◆ What the task requires
Restate, word for word and with no pictures, the stretch of lines in the data below that begins at the line with "this 1250×1667 image." and ends at the line with "this 1600×1058 image.", inclusive.

◆ Records

[Start of Attachment]

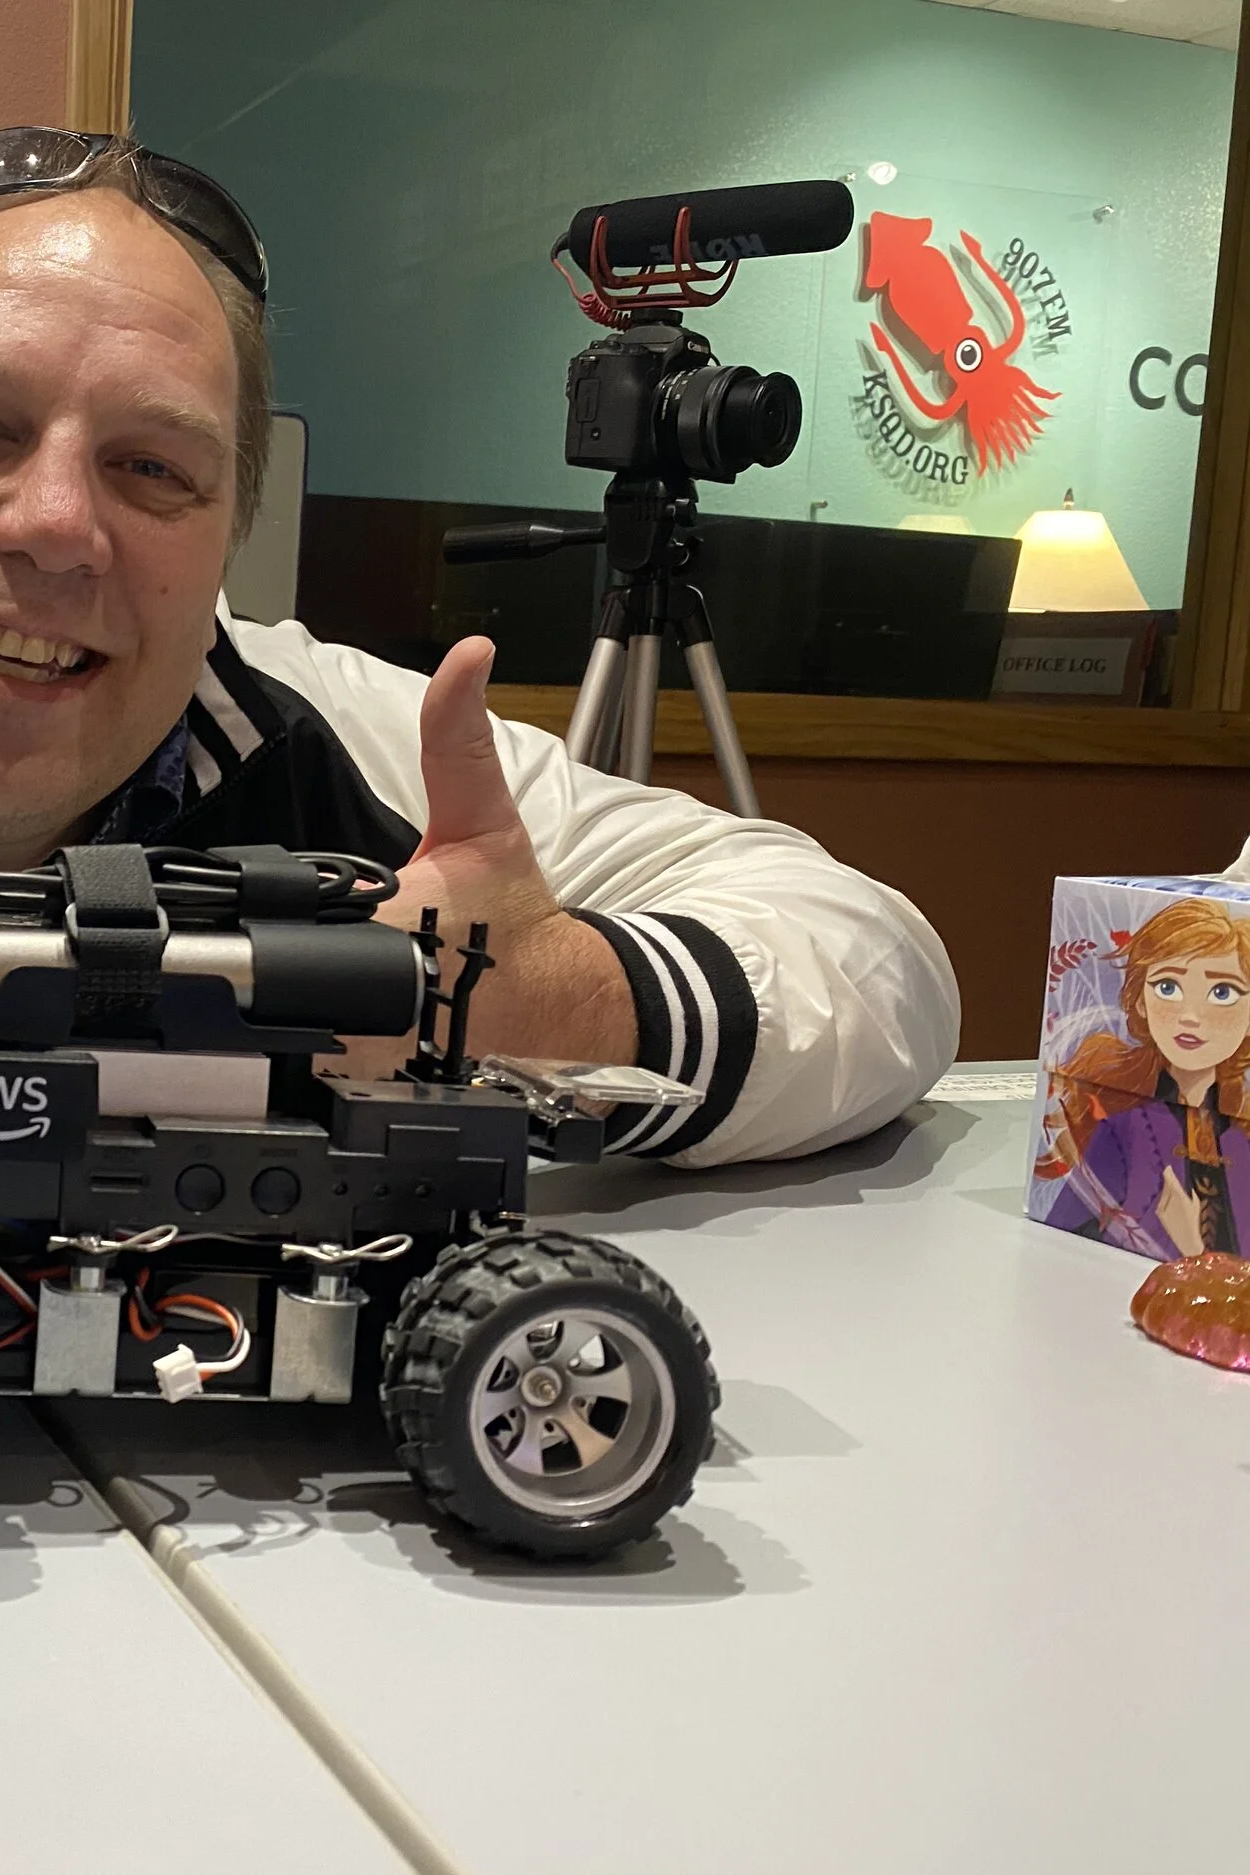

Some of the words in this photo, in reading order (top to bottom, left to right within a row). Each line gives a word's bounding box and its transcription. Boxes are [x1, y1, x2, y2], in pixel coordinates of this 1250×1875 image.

[End of Attachment]
[Start of Attachment]

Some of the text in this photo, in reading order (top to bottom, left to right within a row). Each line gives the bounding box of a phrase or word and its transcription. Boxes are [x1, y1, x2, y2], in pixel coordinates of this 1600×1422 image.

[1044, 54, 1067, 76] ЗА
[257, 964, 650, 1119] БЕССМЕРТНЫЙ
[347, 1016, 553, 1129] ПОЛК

[End of Attachment]
[Start of Attachment]

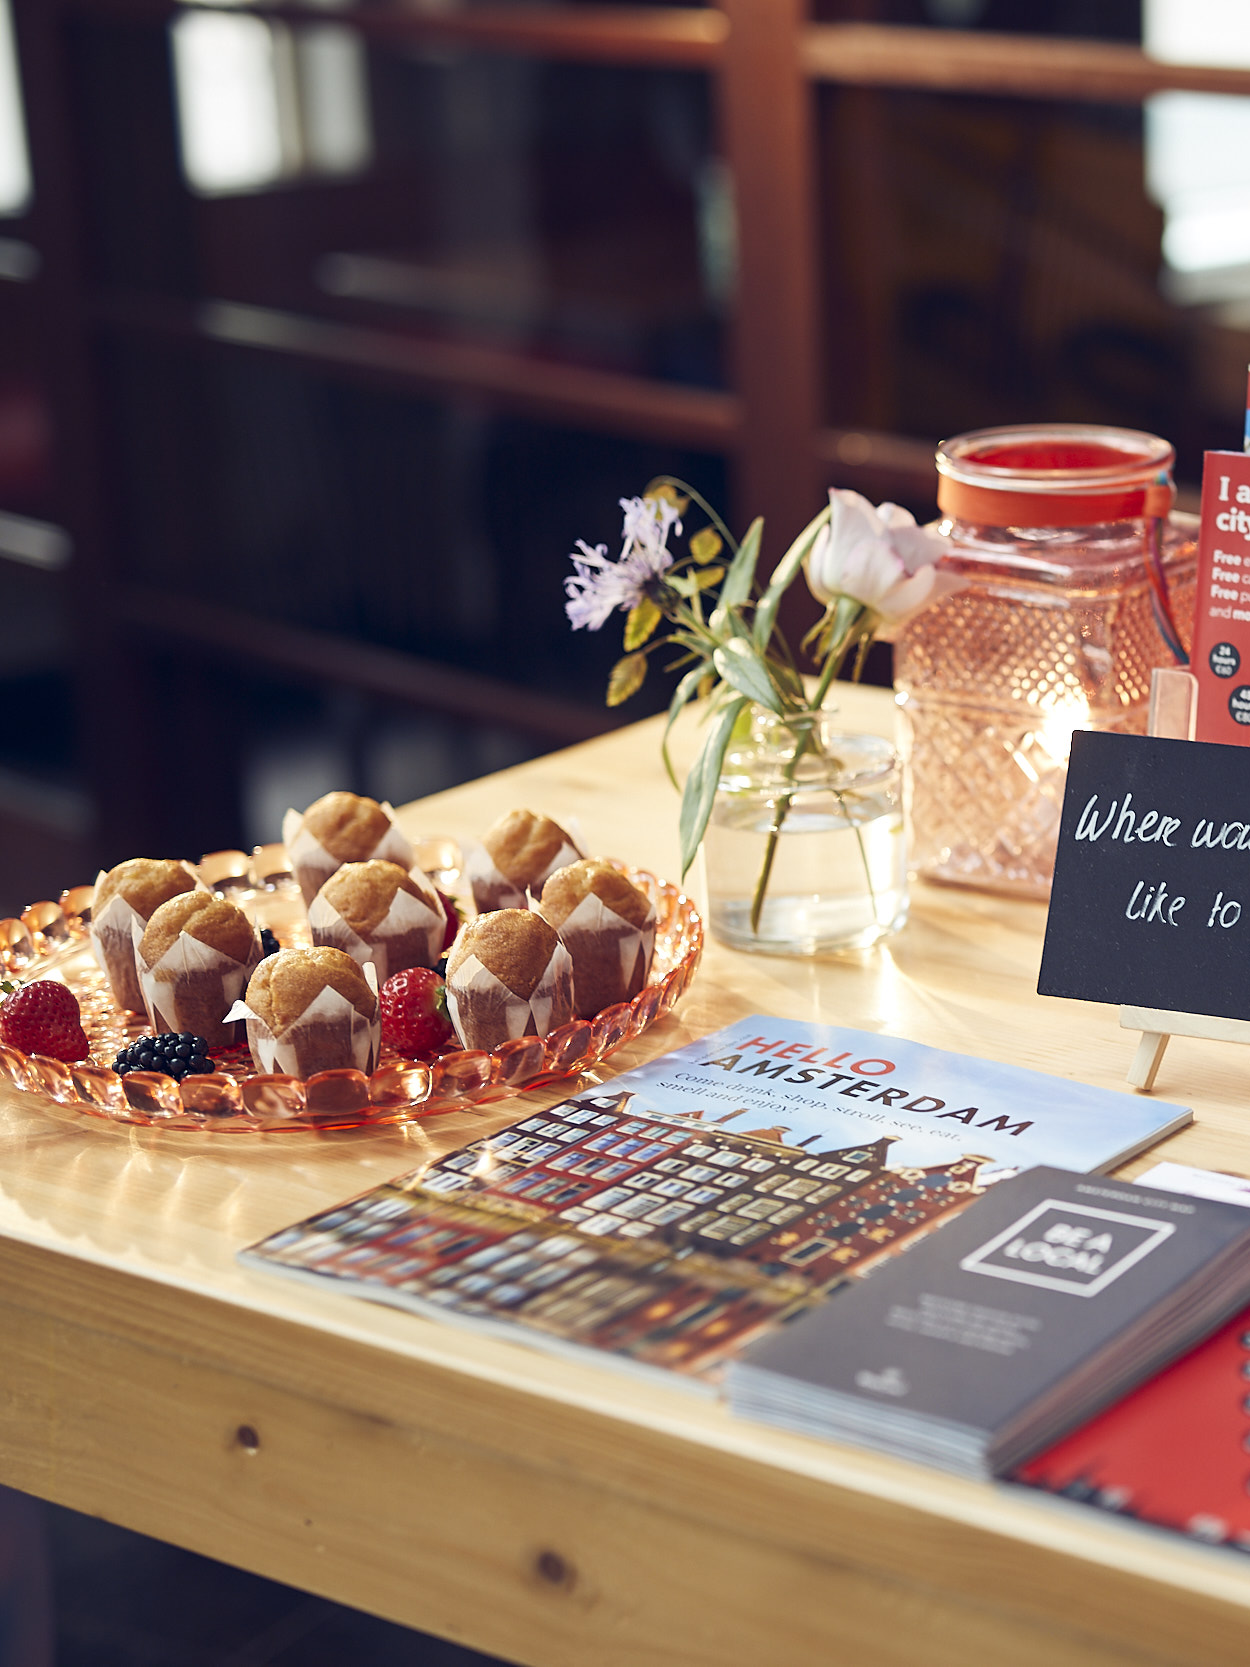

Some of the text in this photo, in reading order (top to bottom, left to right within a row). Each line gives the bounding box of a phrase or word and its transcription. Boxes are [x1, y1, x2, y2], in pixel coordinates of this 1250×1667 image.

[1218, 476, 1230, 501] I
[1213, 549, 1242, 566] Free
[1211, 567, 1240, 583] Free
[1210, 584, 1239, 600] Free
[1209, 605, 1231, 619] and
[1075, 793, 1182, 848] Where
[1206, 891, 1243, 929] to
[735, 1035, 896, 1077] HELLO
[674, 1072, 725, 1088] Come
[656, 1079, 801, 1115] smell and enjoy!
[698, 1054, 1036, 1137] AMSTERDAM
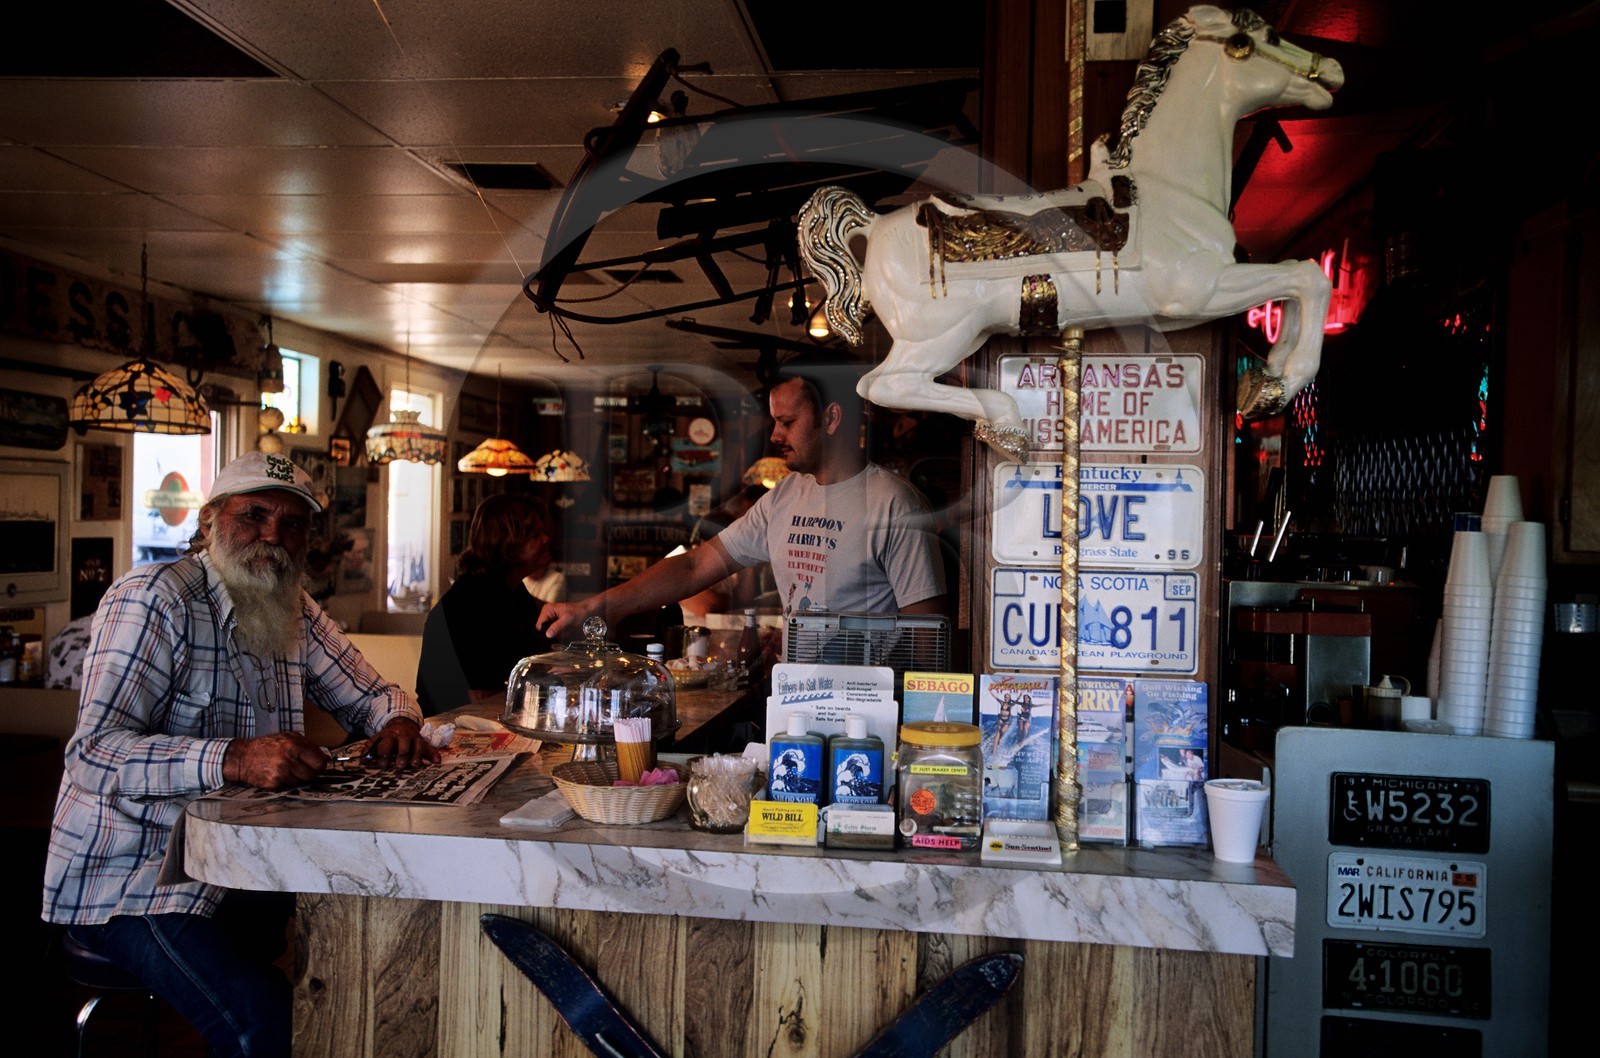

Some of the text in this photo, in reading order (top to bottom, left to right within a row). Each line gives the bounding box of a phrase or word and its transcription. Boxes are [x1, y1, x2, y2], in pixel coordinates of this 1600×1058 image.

[End of Attachment]

◆ Reply to the exercise
Some of the text in this photo, in reading order (top to bottom, left to right within a row). Each line gives the bounding box of a phrase or word and its transcription. Boxes are [x1, y1, x2, y2], in pixel coordinates of this 1250×1667 image.

[1218, 476, 1230, 501] I
[1213, 549, 1242, 566] Free
[1211, 567, 1240, 583] Free
[1210, 584, 1239, 600] Free
[1209, 605, 1231, 619] and
[1075, 793, 1182, 848] Where
[1206, 891, 1243, 929] to
[735, 1035, 896, 1077] HELLO
[674, 1072, 725, 1088] Come
[656, 1079, 801, 1115] smell and enjoy!
[698, 1054, 1036, 1137] AMSTERDAM

Some of the text in this photo, in reading order (top to bottom, left to right within a row). Each line gives the bounding box of a phrase or word and its transcription. Boxes are [x1, y1, x2, y2], in pixel coordinates of this 1600×1058 image.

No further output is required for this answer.